The Gruesome Crimes Of Hans Schmidt, The Only Catholic Priest Ever Executed In US History

Published April 22, 2016
Updated January 16, 2023

Hans Schmidt illegally married, impregnated, and then brutally murdered and dismembered his mistress. For that crime, he was eventually executed via electrocution, and to this day is the only Catholic priest ever executed in the United States. Turns out, the murder he was caught for was only the tip of the iceberg.

Hans Schmidt

A portrait of Hans Schmidt, the only Catholic priest to ever be executed in the United States, circa 1910.

Long before The Boston Globe shined a spotlight on an endemic pattern of child molestation in the Catholic Church, the wrongdoings of the clergy often went unnoticed or unpunished.

Except for Hans Schmidt. In the early 1900s, he became the first, and only, priest to be executed in the United States.

His acts were bloody, his list of crimes was long, and his entire tale was laid out for the public by a press eager to show that even trusted religious leaders are capable of being monsters.

The Illegal, Self-Performed Marriage That Led To Murder

Hans Schmidt was an unusual child. He was born in the German town of Aschaffenburg in 1881 and had an eerie childhood habit of spending his afternoon watching the cows and pigs be processed through the local slaughterhouse.

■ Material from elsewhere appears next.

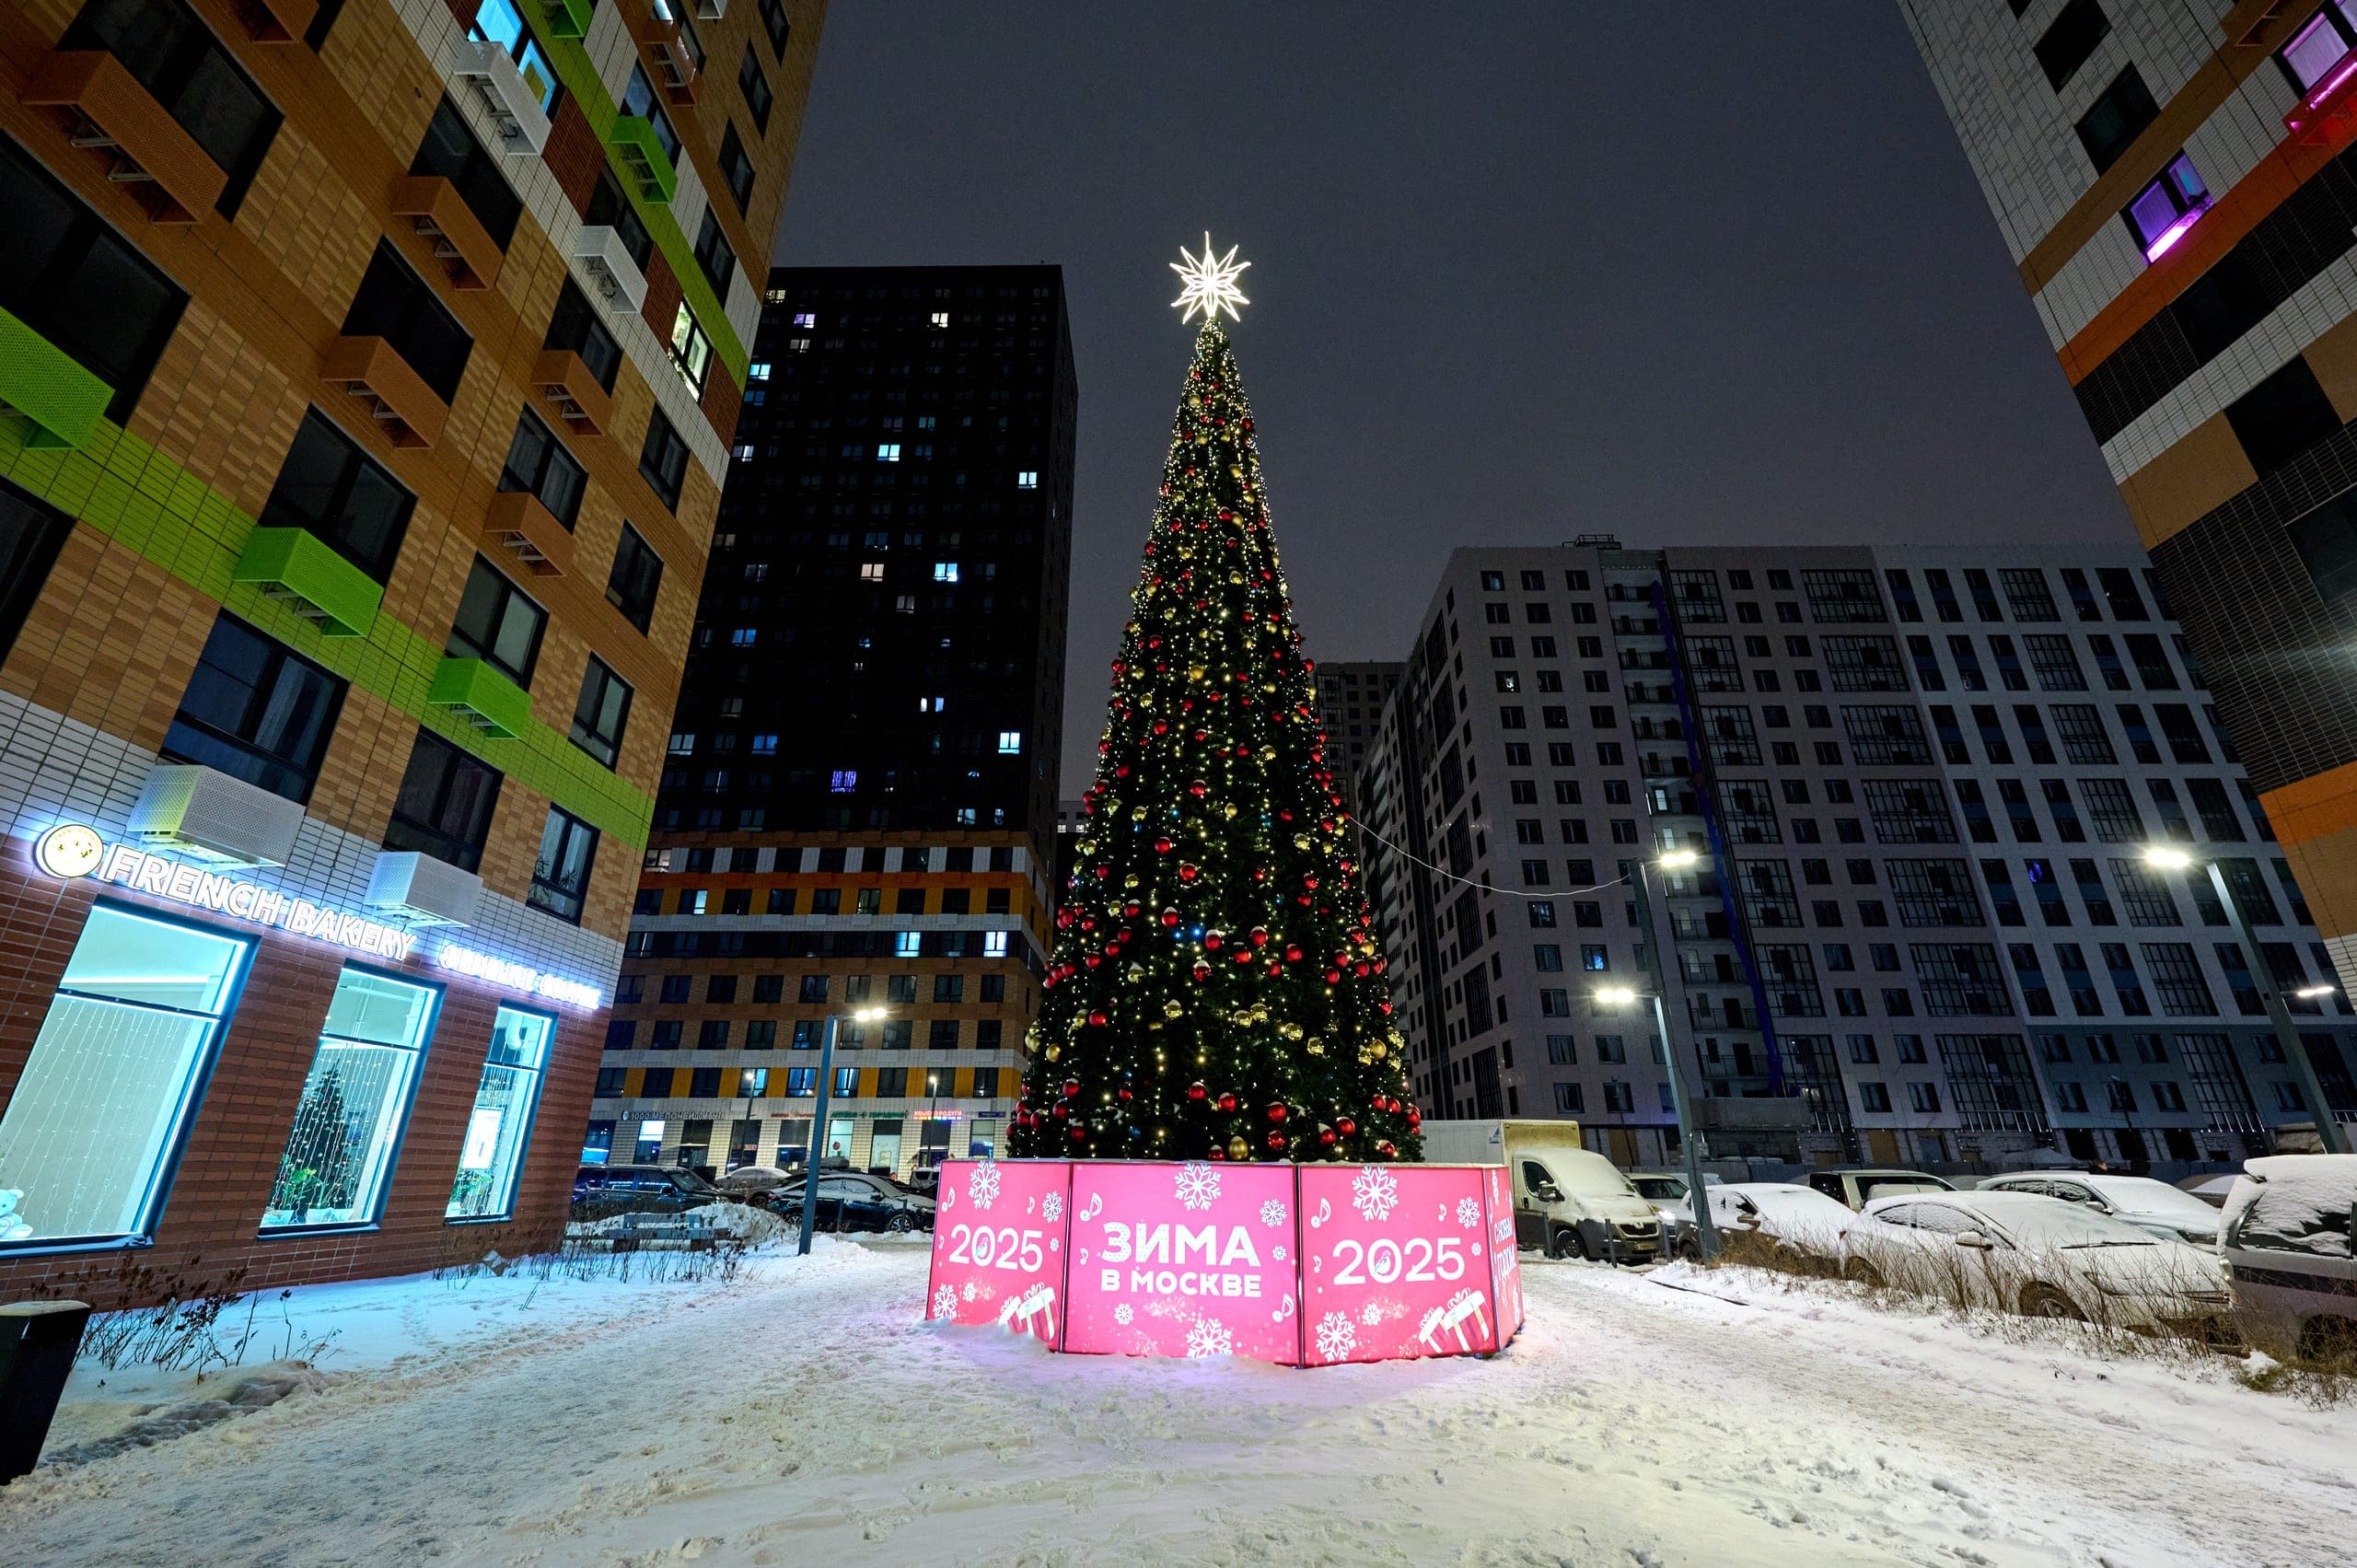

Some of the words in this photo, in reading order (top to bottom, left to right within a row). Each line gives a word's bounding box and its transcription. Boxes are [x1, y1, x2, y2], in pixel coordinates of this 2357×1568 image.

He was also entranced by Roman Catholic rituals and played priest with a homemade altar. These two childhood passions would eventually converge in an unsettling way.

St. John's Parish

Louisville’s St. John’s Parish today.

A 25-year-old Schmidt was ordained in Germany in 1904. He spent the next four years serving in Germany, but disputes with his higher-ups led to a relocation. It was only the start of his pattern of confrontation and relocation.

In 1908, he was transferred to St. John’s Parish in Louisville, Kentucky. Schmidt bumped heads with Catholic leaders in Louisville, and he was forced to relocate to St. Boniface Church on the east side of Midtown Manhattan.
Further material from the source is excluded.